Smokers face significantly delayed or incomplete wound healing after surgery. These patients experience wound separation (dehiscence) at much higher rates, with studies showing an 84% increased risk of requiring reoperation. Chronic non-healing wounds are also more common, creating prolonged recovery periods and additional medical interventions.

Tissue Necrosis

Tissue necrosis—the death of skin, fat, or surgical flaps—represents one of the most serious complications for smokers. This condition often requires debridement or revision surgery to remove dead tissue. The risk is particularly devastating in breast procedures, where tissue death can lead to permanent contour deformities and severely compromised aesthetic outcomes.

Infection

Surgical site infections occur 2.1 times more frequently in smokers compared to non-smokers. These infections typically require extended courses of antibiotic treatment and may necessitate additional surgical procedures to address the infection. Beyond the immediate health risks, infections significantly delay overall recovery and can compromise final surgical results.

Poor Scarring

Smokers are 58% more likely to develop hypertrophic (raised) scars compared to non-smokers. Their scars are typically wider and more visible, averaging 7.4mm compared to 2.7mm in non-smoking patients. These scars often exhibit irregular texture and pigmentation problems, frequently requiring scar revision procedures to improve their appearance.

Cardiovascular Complications

Smoking creates substantial cardiovascular risks during the surgical period. Patients face a threefold higher risk of deep vein thrombosis and increased likelihood of pulmonary embolism. Studies show smokers have 47% higher odds of experiencing heart-related complications during or after surgery, making cardiovascular events a serious concern for this patient population.
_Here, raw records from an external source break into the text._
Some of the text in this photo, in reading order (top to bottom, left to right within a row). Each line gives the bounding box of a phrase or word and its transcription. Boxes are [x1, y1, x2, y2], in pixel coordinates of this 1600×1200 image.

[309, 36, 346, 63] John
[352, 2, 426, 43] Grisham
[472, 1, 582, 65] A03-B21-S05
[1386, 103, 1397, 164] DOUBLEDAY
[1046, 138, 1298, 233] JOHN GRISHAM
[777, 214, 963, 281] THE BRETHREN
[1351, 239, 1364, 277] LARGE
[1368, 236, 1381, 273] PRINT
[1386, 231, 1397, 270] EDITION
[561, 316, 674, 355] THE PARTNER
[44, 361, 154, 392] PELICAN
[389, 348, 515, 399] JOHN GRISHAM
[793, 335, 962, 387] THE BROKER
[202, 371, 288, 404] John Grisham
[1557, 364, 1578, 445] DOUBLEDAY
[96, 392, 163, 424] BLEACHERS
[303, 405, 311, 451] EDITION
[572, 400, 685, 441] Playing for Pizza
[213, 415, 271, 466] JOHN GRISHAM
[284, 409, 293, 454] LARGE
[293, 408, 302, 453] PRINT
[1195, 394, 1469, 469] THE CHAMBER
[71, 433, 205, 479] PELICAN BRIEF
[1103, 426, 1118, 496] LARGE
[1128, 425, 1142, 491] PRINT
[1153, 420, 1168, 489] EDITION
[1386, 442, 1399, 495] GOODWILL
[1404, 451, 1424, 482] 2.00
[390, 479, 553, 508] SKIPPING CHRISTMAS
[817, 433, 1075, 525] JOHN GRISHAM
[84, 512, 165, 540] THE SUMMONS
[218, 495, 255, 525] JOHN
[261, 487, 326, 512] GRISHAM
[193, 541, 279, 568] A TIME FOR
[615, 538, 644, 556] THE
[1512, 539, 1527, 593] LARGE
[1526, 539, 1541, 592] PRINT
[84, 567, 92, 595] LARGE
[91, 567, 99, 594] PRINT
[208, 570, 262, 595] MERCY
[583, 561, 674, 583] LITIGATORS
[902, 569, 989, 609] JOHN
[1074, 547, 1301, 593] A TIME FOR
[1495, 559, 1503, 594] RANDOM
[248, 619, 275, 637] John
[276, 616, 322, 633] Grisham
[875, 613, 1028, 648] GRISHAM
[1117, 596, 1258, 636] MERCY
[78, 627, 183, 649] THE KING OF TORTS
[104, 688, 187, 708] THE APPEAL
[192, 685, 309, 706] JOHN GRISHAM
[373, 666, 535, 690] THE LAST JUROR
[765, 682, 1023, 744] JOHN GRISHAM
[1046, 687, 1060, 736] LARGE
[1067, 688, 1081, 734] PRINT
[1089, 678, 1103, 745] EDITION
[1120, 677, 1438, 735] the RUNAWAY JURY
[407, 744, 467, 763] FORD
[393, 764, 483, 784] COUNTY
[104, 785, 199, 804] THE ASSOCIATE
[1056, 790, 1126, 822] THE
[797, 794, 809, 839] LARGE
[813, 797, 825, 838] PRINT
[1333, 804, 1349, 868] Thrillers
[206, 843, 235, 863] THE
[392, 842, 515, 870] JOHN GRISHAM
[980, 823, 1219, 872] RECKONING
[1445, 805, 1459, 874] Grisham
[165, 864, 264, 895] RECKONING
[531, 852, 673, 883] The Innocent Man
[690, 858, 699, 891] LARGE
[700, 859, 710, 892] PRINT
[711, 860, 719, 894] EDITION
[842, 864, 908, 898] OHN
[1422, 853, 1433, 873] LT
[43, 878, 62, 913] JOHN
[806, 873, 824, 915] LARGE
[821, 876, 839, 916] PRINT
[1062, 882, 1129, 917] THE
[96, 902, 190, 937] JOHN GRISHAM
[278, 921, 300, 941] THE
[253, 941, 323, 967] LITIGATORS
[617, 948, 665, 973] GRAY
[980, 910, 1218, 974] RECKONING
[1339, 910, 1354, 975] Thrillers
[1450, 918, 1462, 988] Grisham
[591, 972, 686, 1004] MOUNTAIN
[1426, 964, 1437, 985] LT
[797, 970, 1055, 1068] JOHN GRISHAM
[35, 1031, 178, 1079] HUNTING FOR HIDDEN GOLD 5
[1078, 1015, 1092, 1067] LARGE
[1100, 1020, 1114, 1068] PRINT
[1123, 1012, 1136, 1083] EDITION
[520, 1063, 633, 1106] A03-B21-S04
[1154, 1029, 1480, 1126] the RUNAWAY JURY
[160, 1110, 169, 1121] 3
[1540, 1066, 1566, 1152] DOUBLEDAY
Verification of Non-Smoking Status

To ensure patient safety and optimal outcomes, Dr Turner may:

  • Request urine cotinine testing before surgery
  • Perform nicotine screening on the day of surgery
  • Postpone procedures if nicotine is detected
  • Require documentation of smoking cessation efforts

Successful Quitting Strategies

Professional Support

  • Consult your GP for cessation medications (Bupropion, Varenicline)
  • Behavioural counselling significantly improves success rates
  • Quit-smoking programs and support groups
  • Gradual reduction approaches under medical supervision

Timing Considerations

  • Begin cessation efforts well before scheduling surgery
  • Allow buffer time for potential relapses
  • Plan for at least 8 weeks smoke-free before your procedure
  • Commit to long-term cessation for best results

Long-Term Benefits

  • 40% of cosmetic surgery patients remain smoke-free 5 years post-surgery
  • Improved overall health and reduced cancer risks
  • Better skin quality and ageing
  • Enhanced results from future procedures

The Bottom Line

Smoking cessation is not optional for plastic surgery—it’s essential for minimising surgical complications, achieving optimal aesthetic results, ensuring safe anaesthesia, and protecting your surgical investment. At Dr Turner’s practice, we prioritise your safety and surgical outcomes. The requirement to quit smoking 6-8 weeks before surgery and remain smoke-free for at least 3 months afterward is based on extensive scientific evidence showing dramatically improved results for non-smokers.